Tokyo, Japan, Dec 27, 2005 - Nippon Telegraph and Telephone Corporation (NTT) started research on lossless coding technology for audio signals and international standardization in 2002, aiming at high quality services suitable for broadband network. Yesterday, according to the final national body ballot disclosed by ISO/IEC, the specification for this technology was officially approved as the MPEG1 standard (MPEG-a ALS).
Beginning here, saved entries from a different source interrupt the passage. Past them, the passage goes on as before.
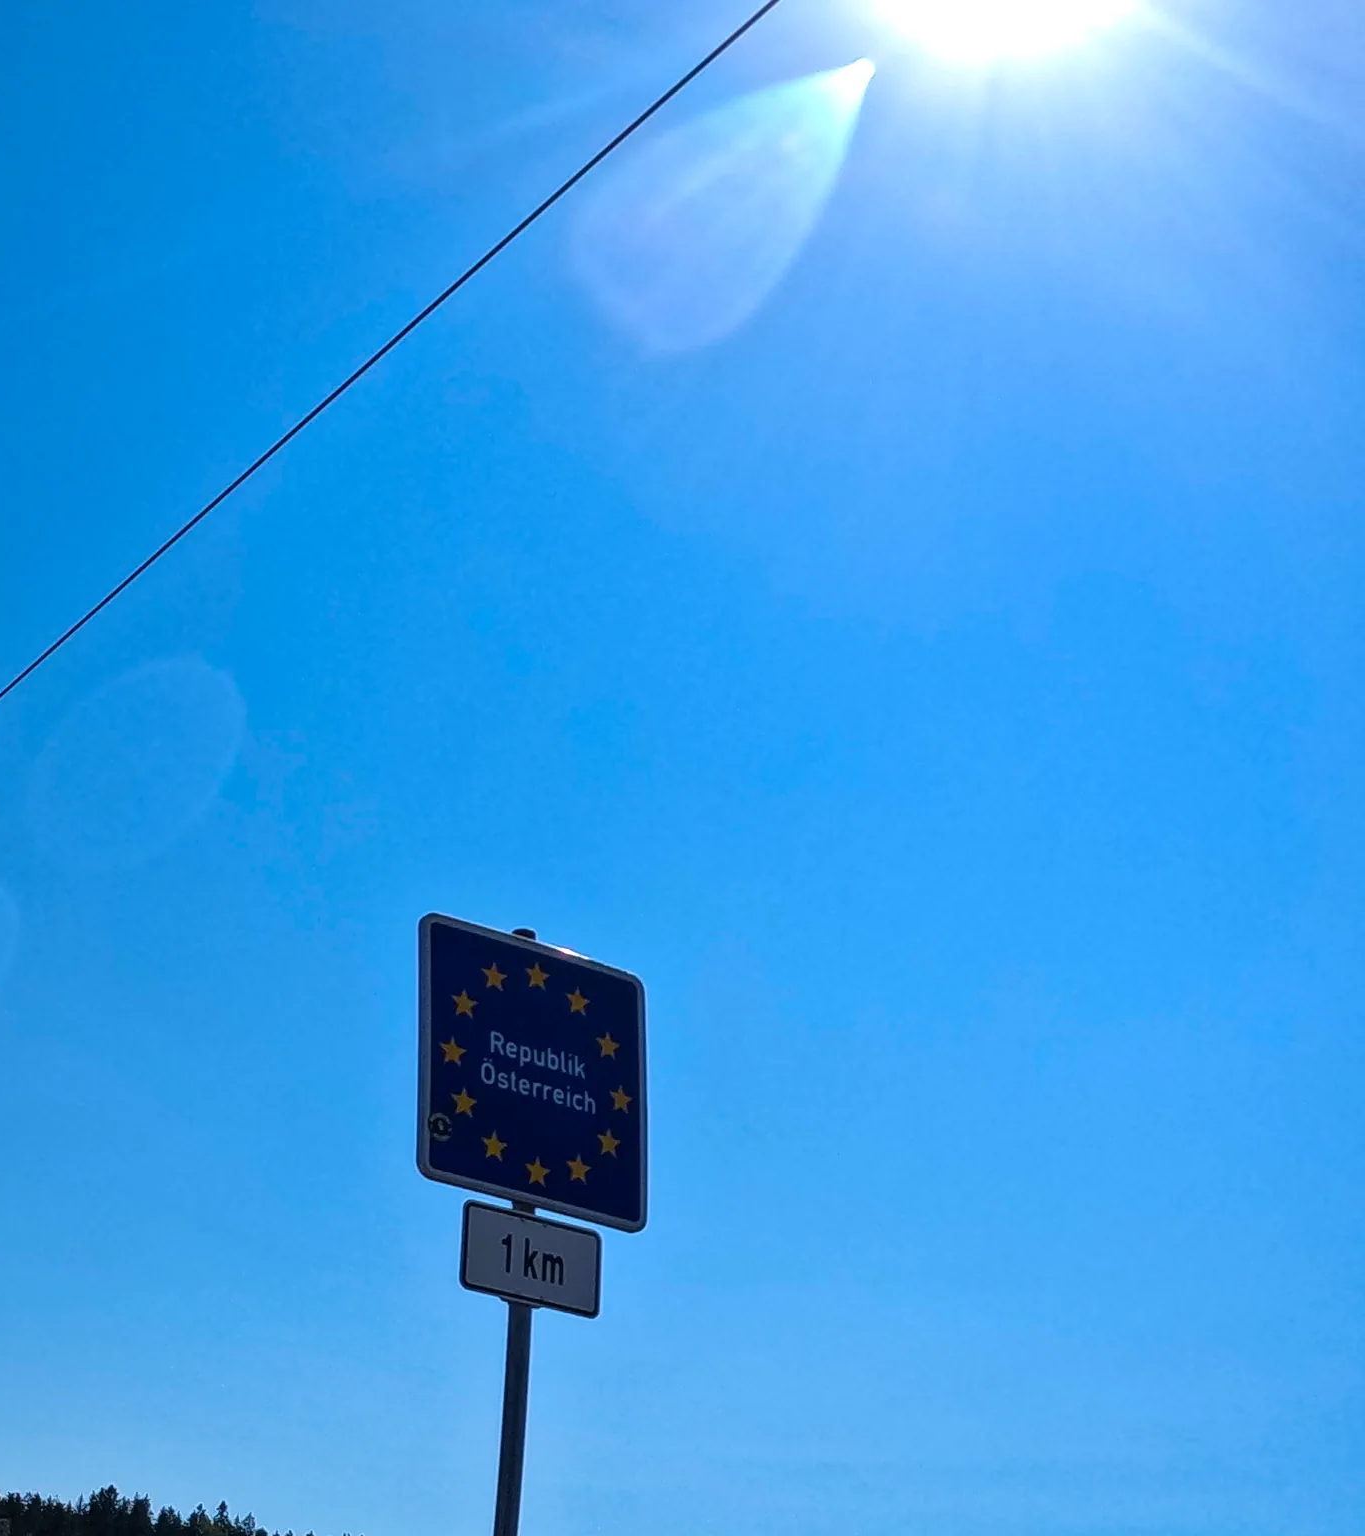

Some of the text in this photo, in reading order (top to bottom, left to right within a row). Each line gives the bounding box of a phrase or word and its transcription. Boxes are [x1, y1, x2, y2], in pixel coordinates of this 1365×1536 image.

[490, 1031, 586, 1079] Republik
[480, 1057, 596, 1115] Österreich
[500, 1233, 565, 1286] 1 km
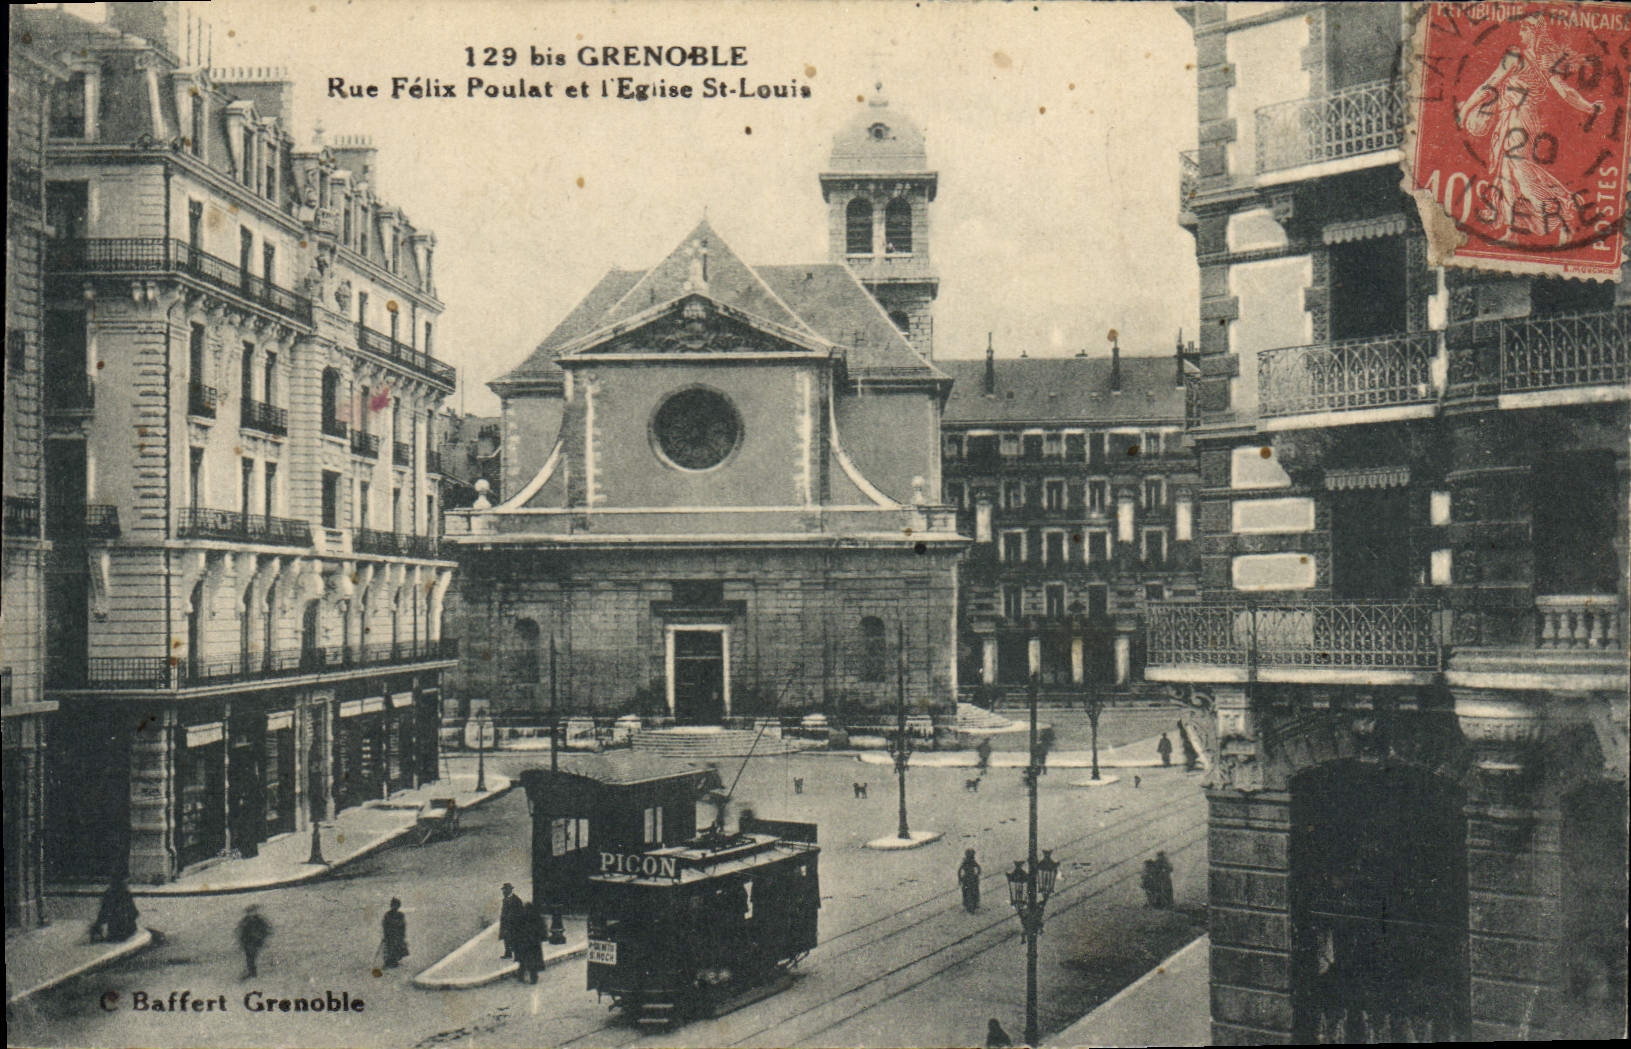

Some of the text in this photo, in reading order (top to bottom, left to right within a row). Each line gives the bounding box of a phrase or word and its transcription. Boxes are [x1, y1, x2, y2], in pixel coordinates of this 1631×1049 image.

[1503, 126, 1559, 166] 20
[1593, 165, 1620, 252] POSTES
[600, 852, 676, 878] PICON
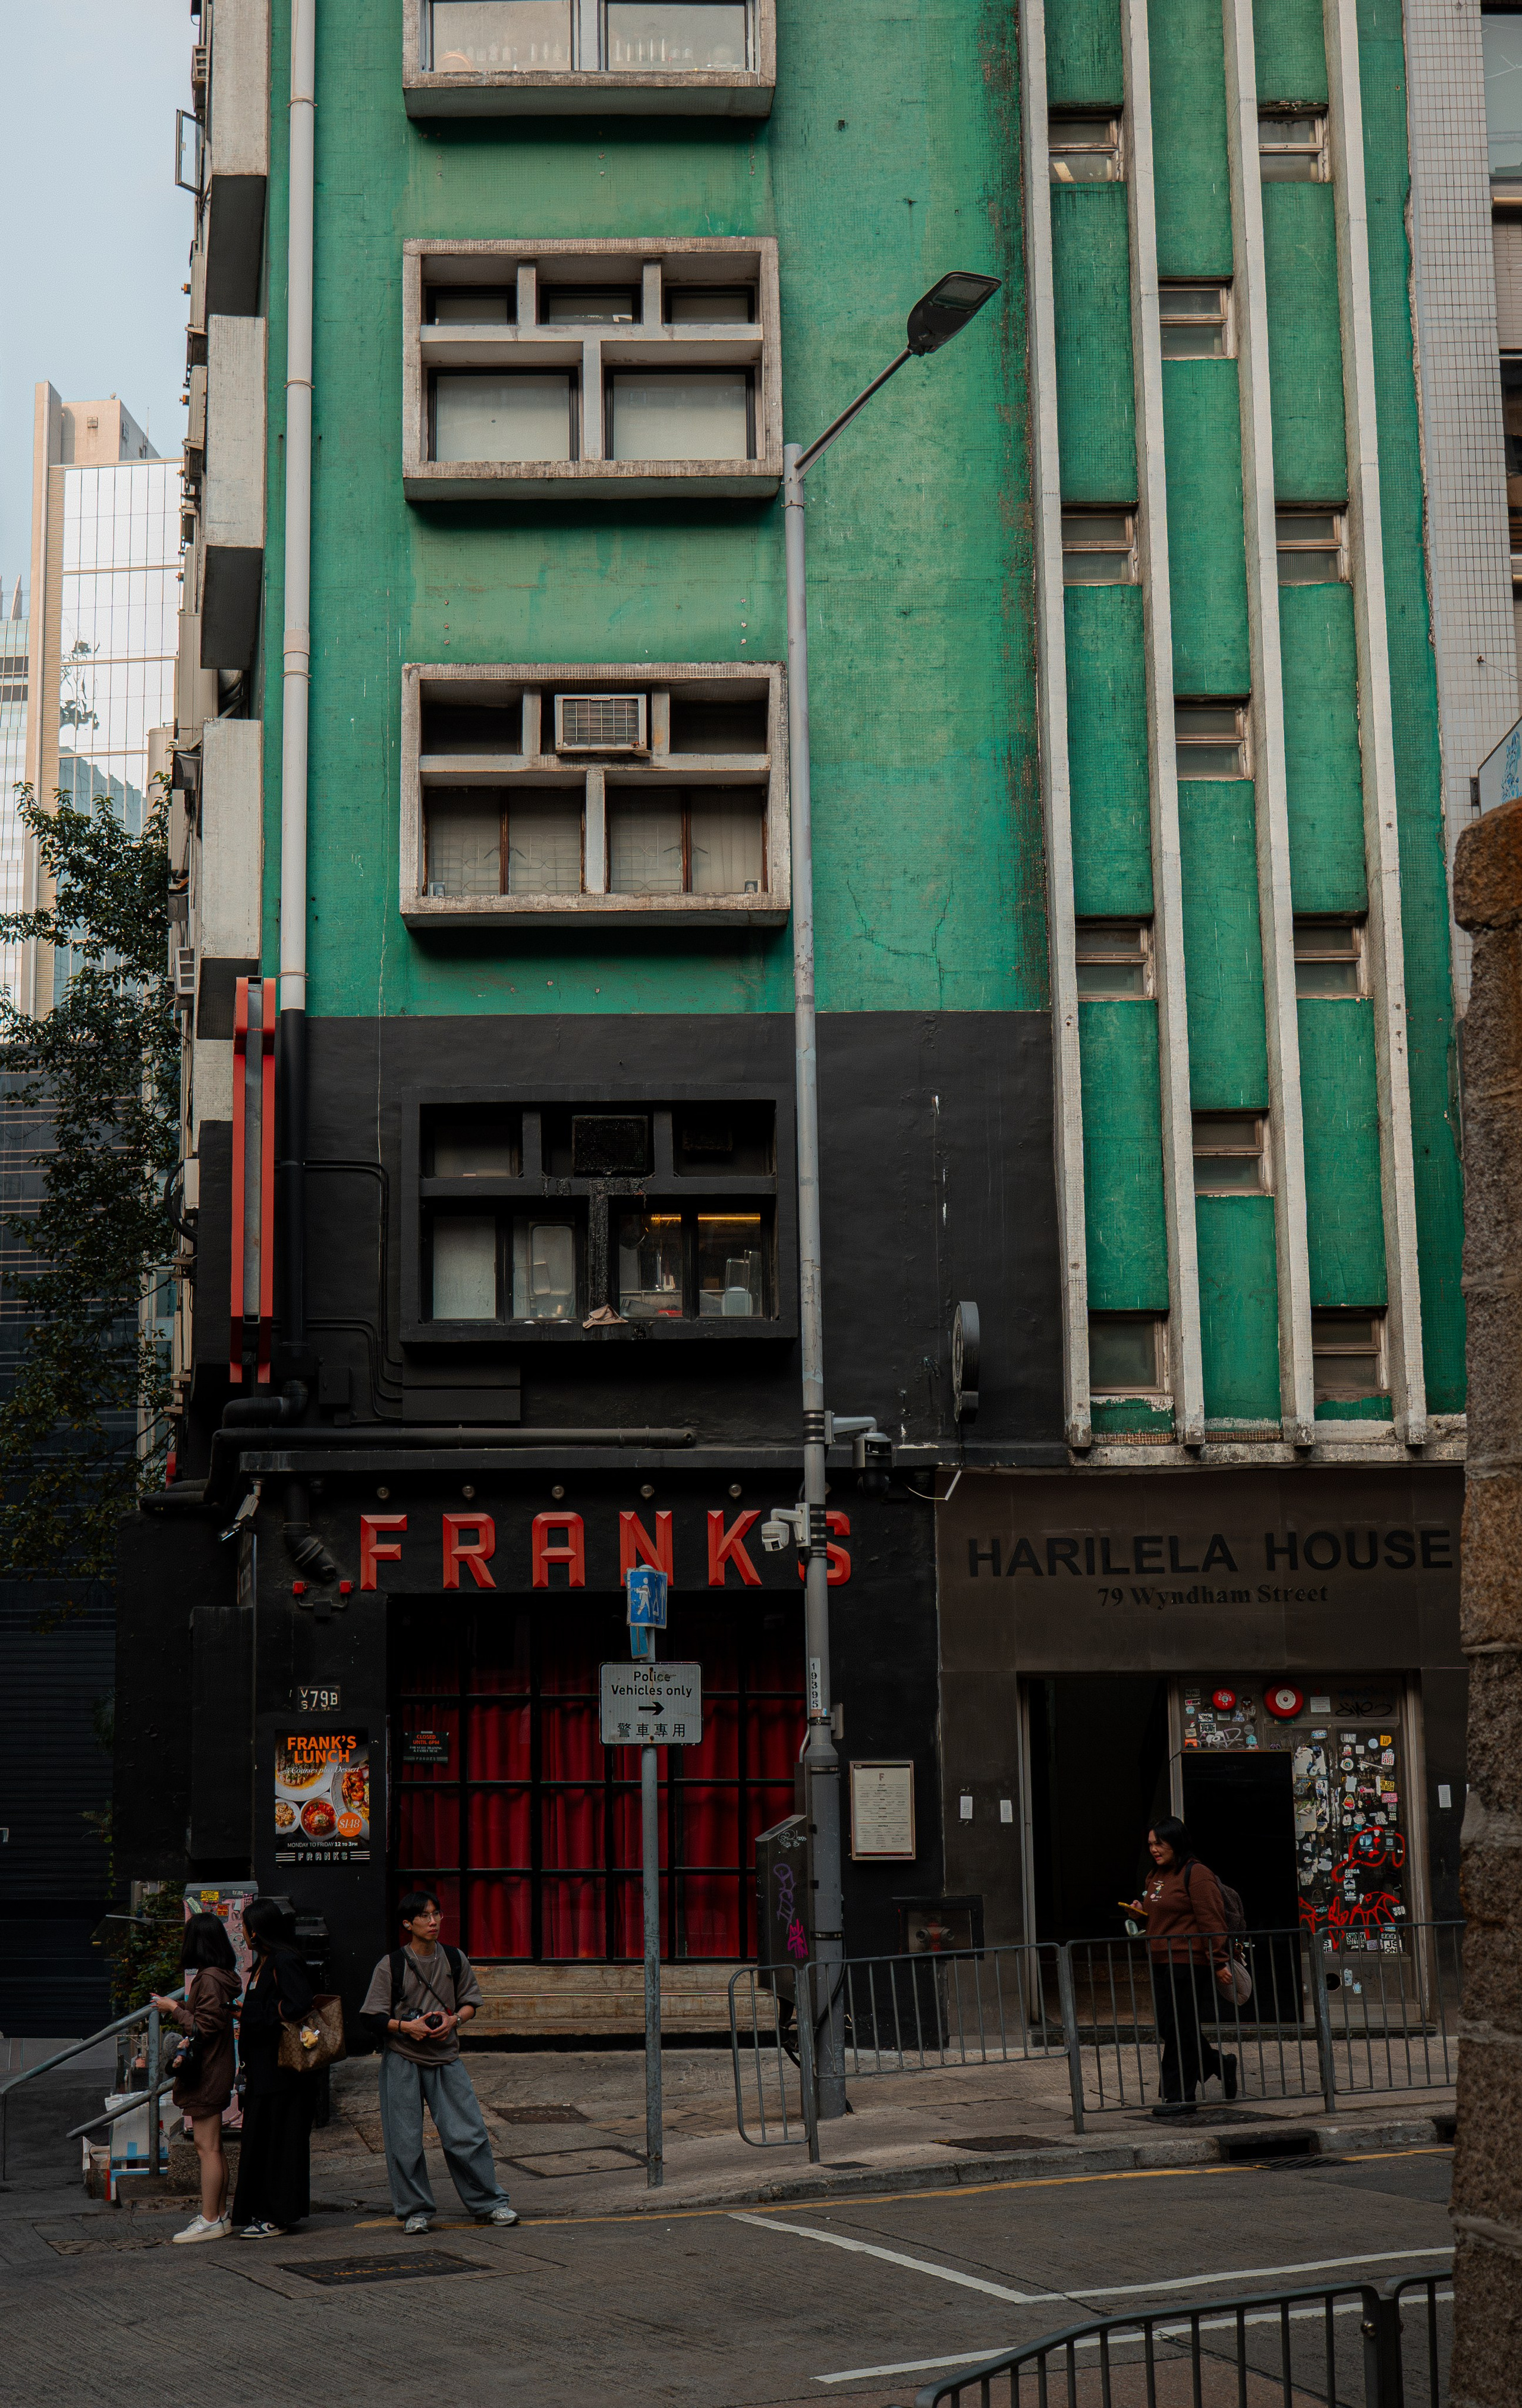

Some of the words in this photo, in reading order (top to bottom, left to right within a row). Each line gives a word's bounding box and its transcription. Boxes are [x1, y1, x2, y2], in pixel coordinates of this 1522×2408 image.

[360, 1511, 851, 1590] FRANKS
[968, 1533, 1238, 1577] HARILELA
[1265, 1529, 1453, 1571] HOUSE
[1098, 1588, 1124, 1607] 79
[1130, 1585, 1251, 1609] Wyndham
[1257, 1584, 1329, 1604] Street
[634, 1671, 671, 1682] Police
[611, 1684, 662, 1695] Vehicles
[666, 1685, 692, 1697] only
[617, 1722, 685, 1738] 警車專用
[287, 1735, 357, 1750] FRANK'S
[294, 1749, 350, 1764] LUNCH
[291, 1766, 318, 1774] Courses
[318, 1766, 334, 1776] plus
[338, 1818, 361, 1829] $148
[298, 1851, 348, 1861] FRANKS
This standard includes a number of elementary technologies proposed by NTT, one of which is the PARCOR coefficients2 invented by NTT more than 30 years ago. It also includes technologies developed under the collaborative research contract between NTT and the University of Tokyo (Prof. Shigeki Sagayama, Graduate School of Information Science and Technology).
1. Background
In parallel with the evolution of broadband networks and digital audio equipments, information rates for delivery and storage have risen rapidly owing to the demands for high- quality audio signals (high sampling rates, high word resolution, and multi-channel). NTT Communication Science Labs recognized the importance of lossless compression technology for audio signals and its standardization, considering interoperability, long-term maintenance, and clear IPR status. The Laboratories took the initiative in promoting this technology as the standard in the ISO/IEC3 MPEG group.
2. Progress for international standardization
For this standardization work, NTT initiated discussions on its need and requirements and prepared the technical call for the technologies. In line with the normal standardization process, a number of improvement and integration works were carried out on top of the initial reference model. Partners in this standardization work included the Technical University of Berlin (Germany), RealNetwoks Corp. (USA), and I2R (Singapore)
After the specification had been tentatively defined, it was voted on twice by 23 national bodies. The last ballot closed in last week, and it has been disclosed that the standard has been affirmed. This means specification of the lossless coding has now been officially established as [14496-3 3rd ED AMD 2 (ALS: Audio Lossless)4].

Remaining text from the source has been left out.